We are expected to be grateful that Our Governor has magnanimously allowed only elementary schools to open soon, sort of. The fact of the matter is, Gov. Roy Cooper has shifted the goalposts on beleaguered North Carolinians yet again.

According to the very standards the governor set, North Carolina should be open and back to business. Full stop.

But once again we’re not, despite satisfying another gubernatorial requirement for reopening. This is “We’ve flattened the curve” without reopening all over again. This is “Stabilizing trends are good” without even moving to the full Phase 2 all over again.

Remember Cooper’s supposed “metrics” for reopening? He and state health bureaucrat Mandy Cohen refer to them often, as she addresses adults like an after-school muppet drawing yellow lines and carrying on about The Letter W.

Here is a slide from Cooper’s June 24 announcement when he (once again) did not allow full Phase 2 but instead, to give an impression of doing something, forced people to start wearing face masks:

Here is that slide from his Sept. 1 announcement when his great mercy allowed some businesses that were closed to reopen partially while still keeping many others closed; i.e., when he still did not allow a move even into full Phase 2:

‘Where we are today’

Here is where we are now in the governor’s own metrics for reopening.

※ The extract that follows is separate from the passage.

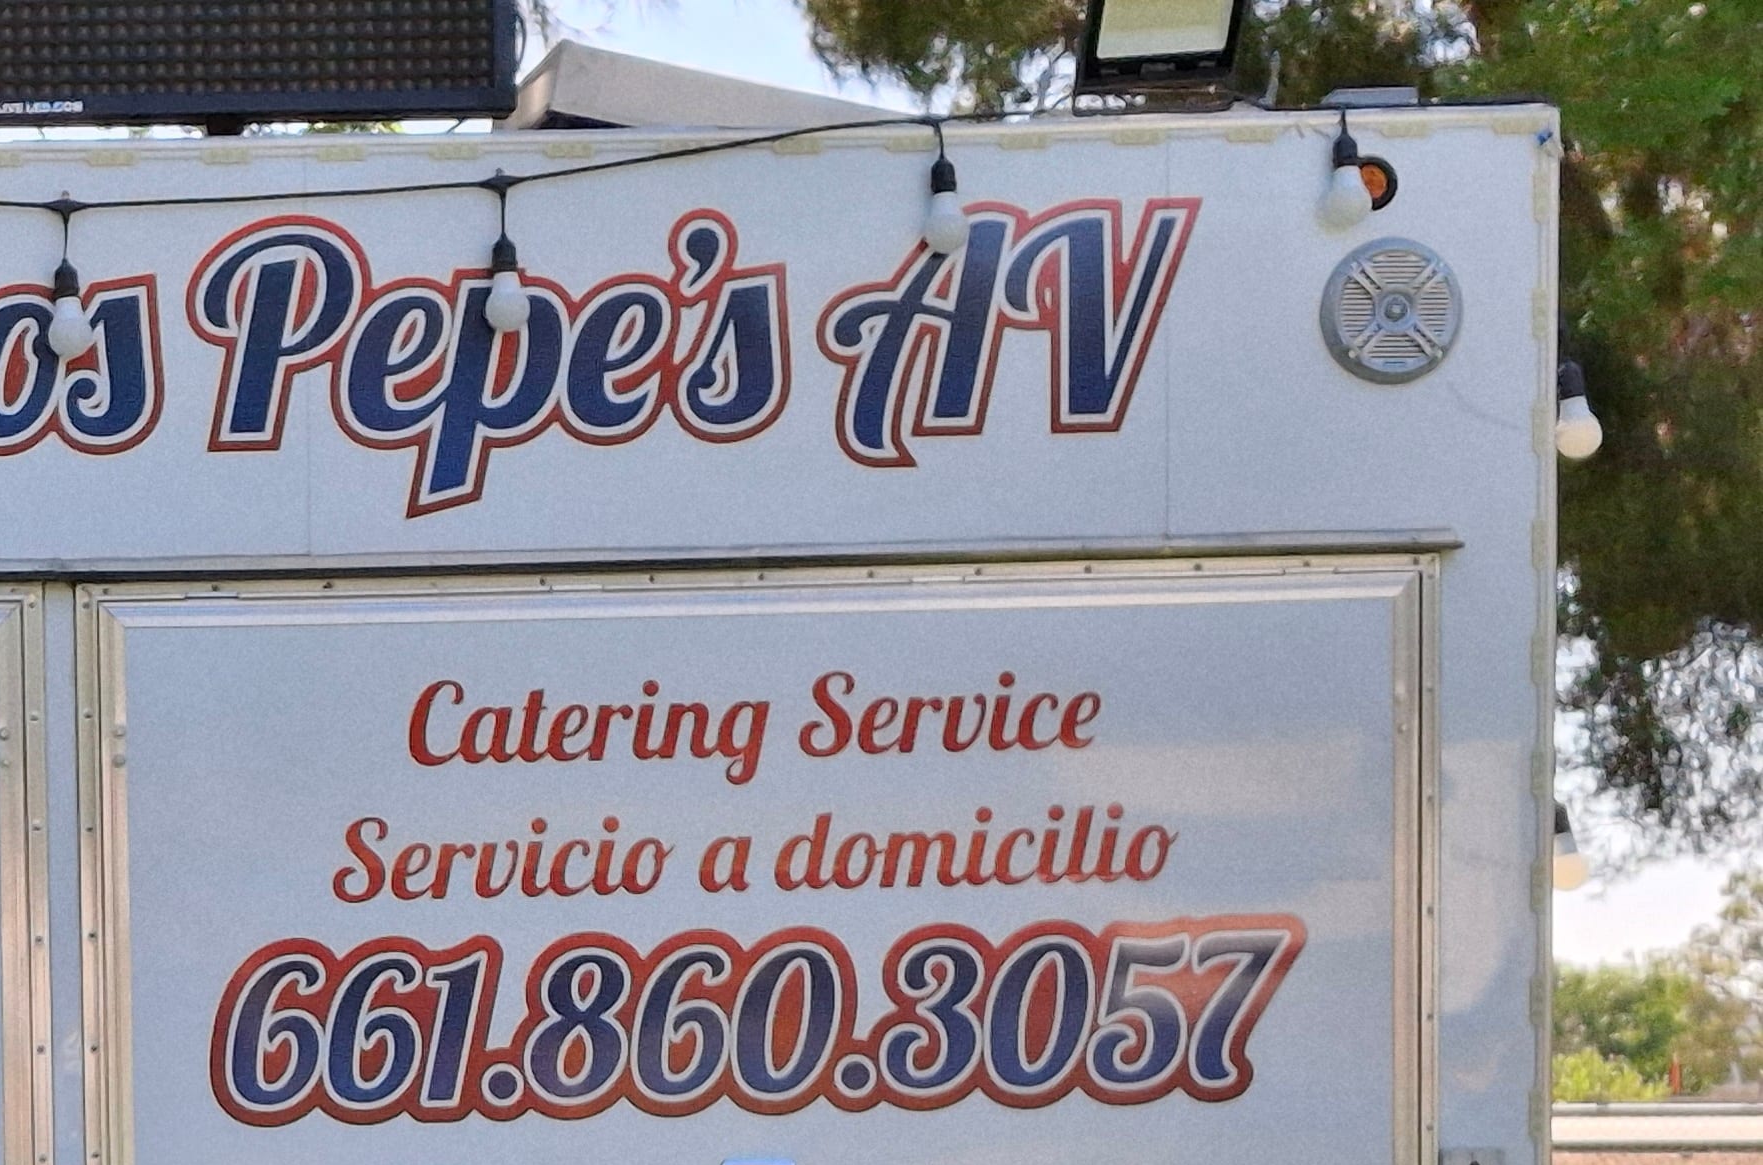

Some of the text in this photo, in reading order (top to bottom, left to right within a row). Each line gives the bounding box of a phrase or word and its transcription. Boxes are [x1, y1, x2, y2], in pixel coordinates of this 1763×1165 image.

Trajectory of COVID-like syndromic cases

This chart is from the Centers for Disease Control and Prevention’s COVID Data Tracker, as of Sept. 20:

That’s a solid, prolonged and increasingly downward trend.

Trajectory of cases

This chart uses data from the state Department of Health and Human Services’ daily COVID-19 reporting, as do the charts that follow.

The prolonged downward trend is unmistakeable.

Trajectory of positive tests as a percentage of total tests

This one also shows a prolonged, solid downward decline for months. But it shows more than that. Cohen and Cooper have also made a big deal out of needing to see the tests returning positive to be at or below 5%. As you can see, the 7-day rolling average (not a single day’s blip, but the cumulative average over seven days) has fallen below 5%.

It’s been below 5% for well over a week — since September 10. As of this morning, the 7-day rolling average sits at 4.6%. That’s the lowest rate it’s been since before April.

The last time it was this low was on March 27. DHHS doesn’t report any test results before March 16. Also, back then relatively few tests were being done. Only 14,179 tests were reported for the full week ending March 27 (4.4% were positive). DHHS reported nearly two and a half times that many tests (33,798) on Sept. 20 alone. For the week ending Sept. 20, 188,710 tests were reported.

Trajectory of hospitalizations

Again, the prolonged downward trend is unmistakeable.

The peak 7-day rolling average of hospitalizations occurred on July 31 at 1,177.6. The single-day peak was 1,236 on July 29.

As a reminder: hospitalizations have been far, far below even the “best-case scenario” given to state lawmakers by the NC Medical Society back in March (click the image for the full size):

Normally, this is when I’d ask if we’re here, why are businesses having to sue to open back up? But I know they can’t even do that any more. It’s too expensive, and the remaining closed and half-closed businesses are just barely holding on.

Why set the standards if you don’t intend to honor them?

Reopening predicated on flattening the curve, stabilizing the trends, or seeing the metrics trending down — nobody forced the governor to set those standards, and he is not bound by them. Nobody can force Cooper to uphold his own standards. But what a horrible way to rule.

Not “govern,” rule. I can’t call it governing. Not after what Cooper’s done.